8.2 — The Open Protocol / Proprietary Intelligence Model
The Ambrósio Institute is the first institution to build a full-stack implementation of the BSP ecosystem — from the open protocol itself to the proprietary intelligence layer that runs on top of it.
The protocol is open because open protocols win. HTTP won. SMTP won. MCP is winning. The intelligence is proprietary because intelligence built on global, standardized, longitudinal biological data is an asset that compounds with scale — and cannot be replicated without the data infrastructure the protocol creates.
Open infrastructure. Proprietary intelligence. Individual sovereignty.
9. Why Now
9.1 — AI Is Ready. The Data Is Not.
Large language models and biological AI systems have reached a capability threshold where they could genuinely transform preventive medicine. The limiting factor is not intelligence. It is data. Without standardized, longitudinal, multi-dimensional biological data, even the most advanced AI cannot fulfill its potential in health. BSP creates the data substrate that biological AI requires.
9.2 — Longevity Science Has Arrived
The global longevity industry reached $25 billion in investment in 2024. Companies like Altos Labs, Calico, BioAge, and dozens of others are building the interventions. But interventions require measurement. You cannot slow aging if you cannot measure the speed of aging. BSP is the measurement infrastructure that the longevity industry has been missing.

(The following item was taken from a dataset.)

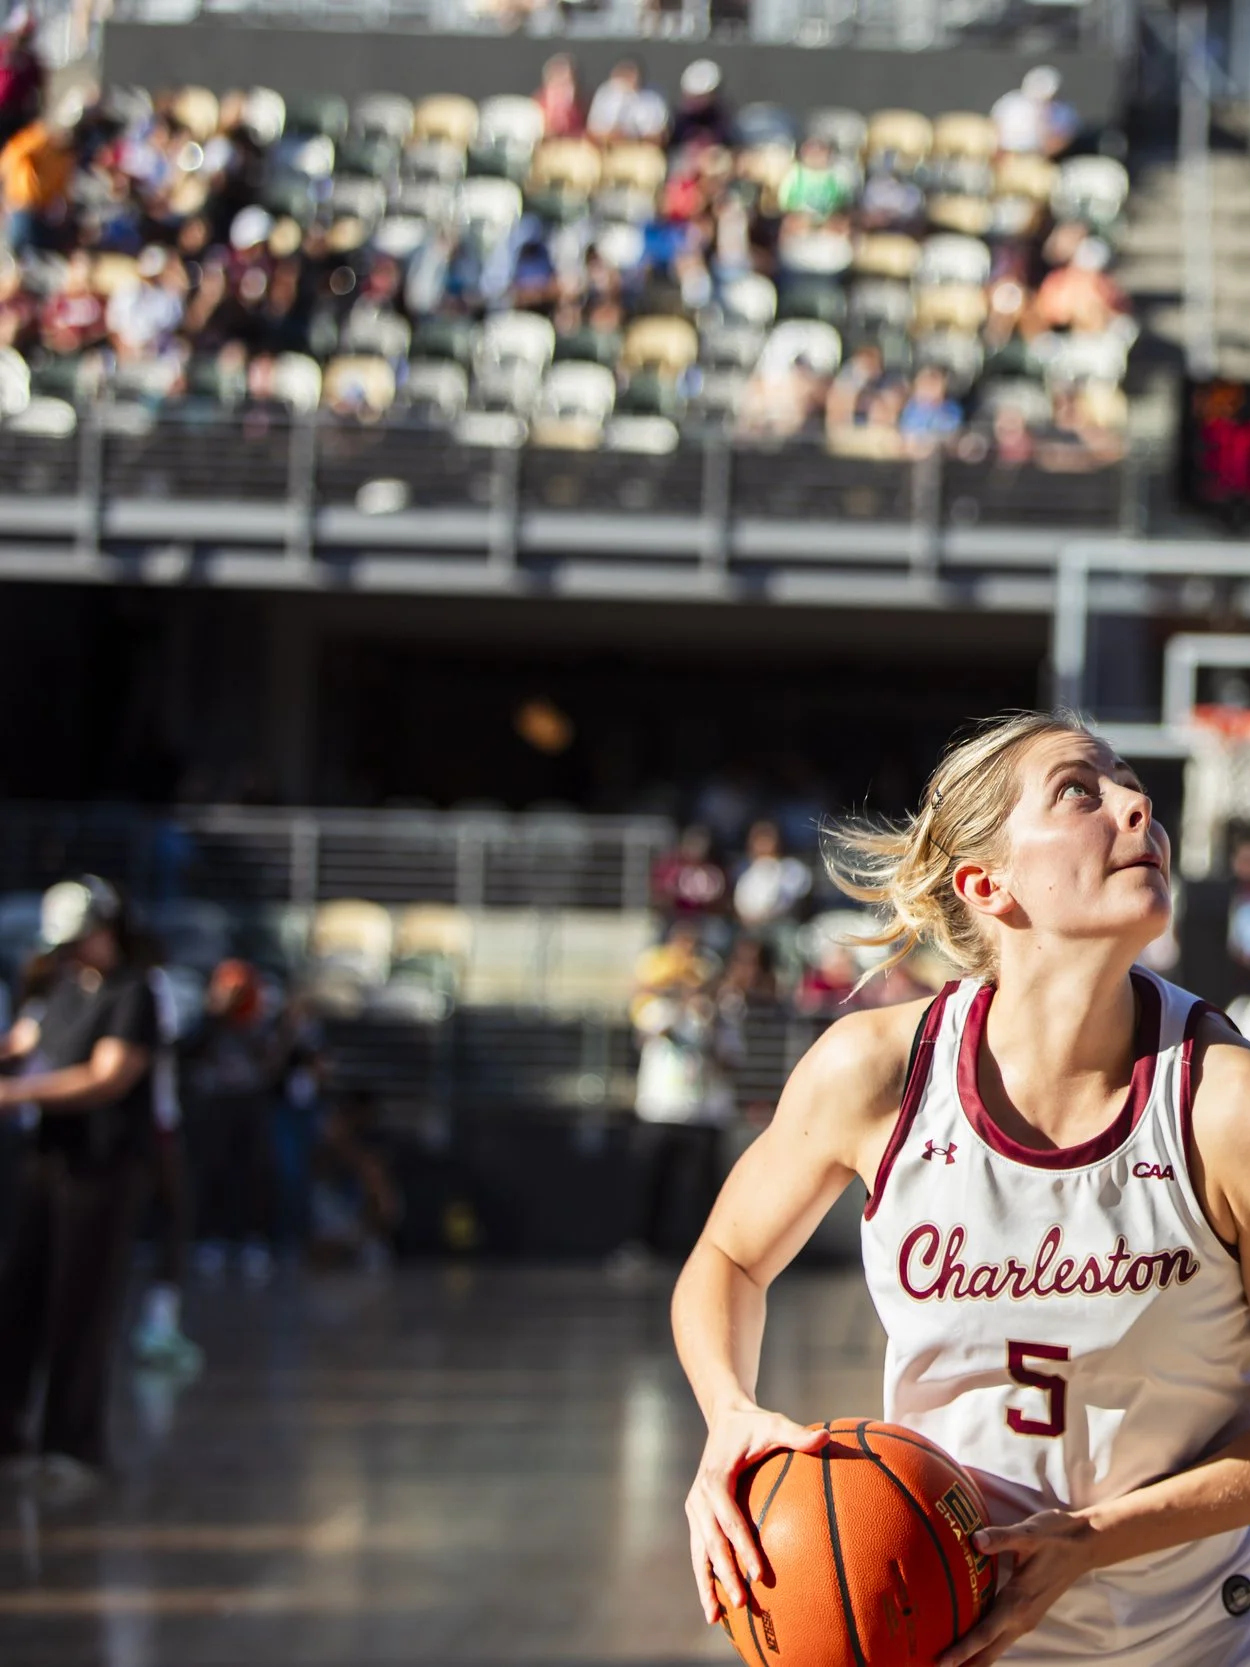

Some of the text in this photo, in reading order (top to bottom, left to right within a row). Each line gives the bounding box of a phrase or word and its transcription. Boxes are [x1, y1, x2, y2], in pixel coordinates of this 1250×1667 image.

9.3 — Individuals Are Ready
The emergence of consumer health platforms like Function Health, Neko Health, and Superpower demonstrates a clear market signal: people are willing to pay for comprehensive biological self-knowledge. What does not yet exist is a system where that knowledge persists, compounds, and remains with the individual across providers, platforms, and time. BSP is that system.
Closing Statement
The Premise
Biological data has never had a permanent home. It has always lived inside the systems that created it — laboratories, hospitals, platforms — and disappeared when those systems changed, closed, or decided to stop serving you. BSP changes this at the infrastructure level. Not through promises. Through architecture.

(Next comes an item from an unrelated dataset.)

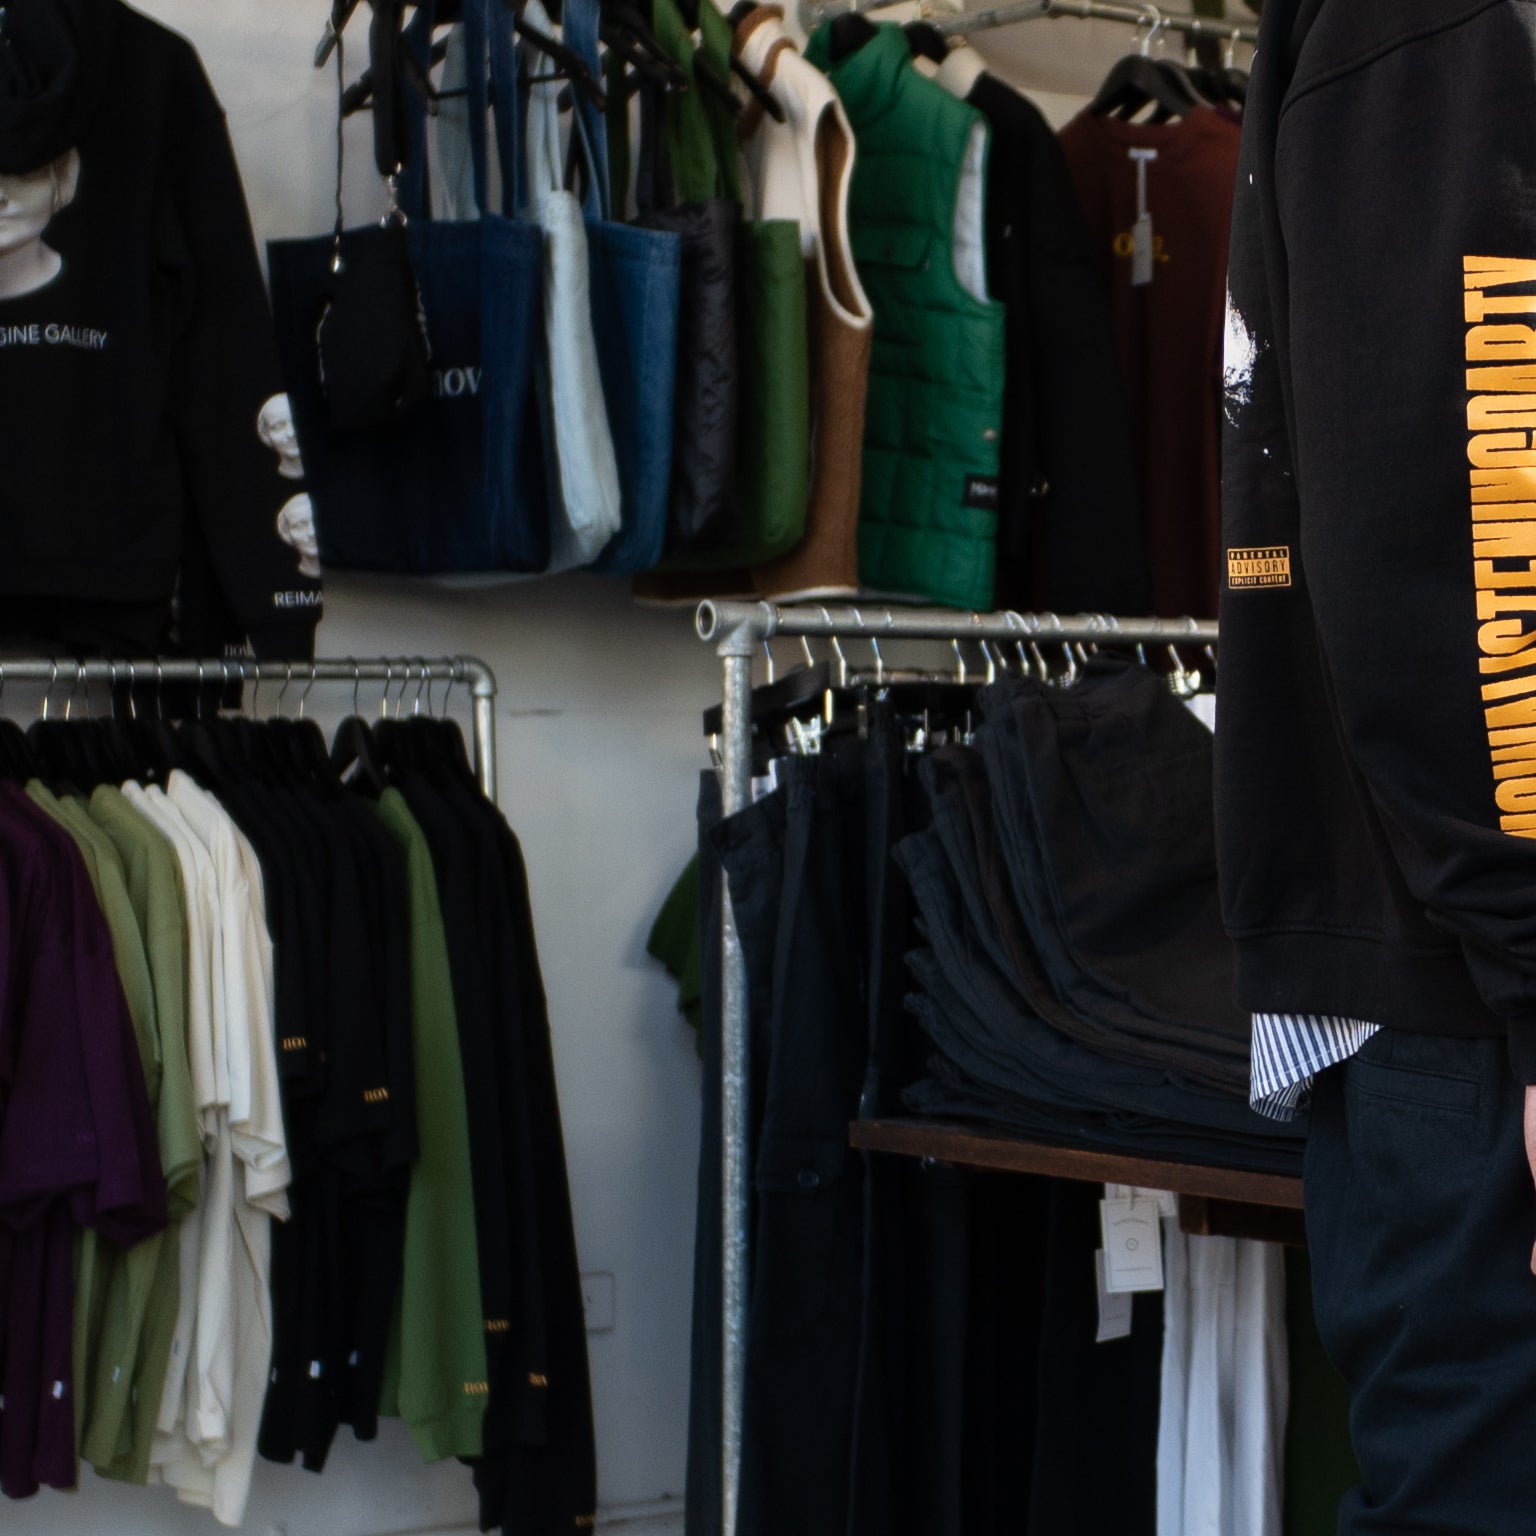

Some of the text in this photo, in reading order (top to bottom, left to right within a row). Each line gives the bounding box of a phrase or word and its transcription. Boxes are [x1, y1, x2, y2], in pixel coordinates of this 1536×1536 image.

[44, 323, 107, 349] GALLERY
[1230, 550, 1284, 560] PARENTAL
[1231, 559, 1286, 574] ADVISORY

The infrastructure of human longevity has never been standardized. Every system speaks a different language. Every patient loses their history with every transition. Every AI system starves for the structured data it cannot access.
BSP changes that.
Not by controlling the intelligence. Not by owning the data. Not by restricting who can participate.
But by standardizing the language — and opening it to everyone.
- The language belongs to everyone.
- The intelligence belongs to those who build the best version of it.
- The data belongs to the individual.
Biological Sovereignty Protocol
The protocol that gives every human being permanent sovereignty over their own biology.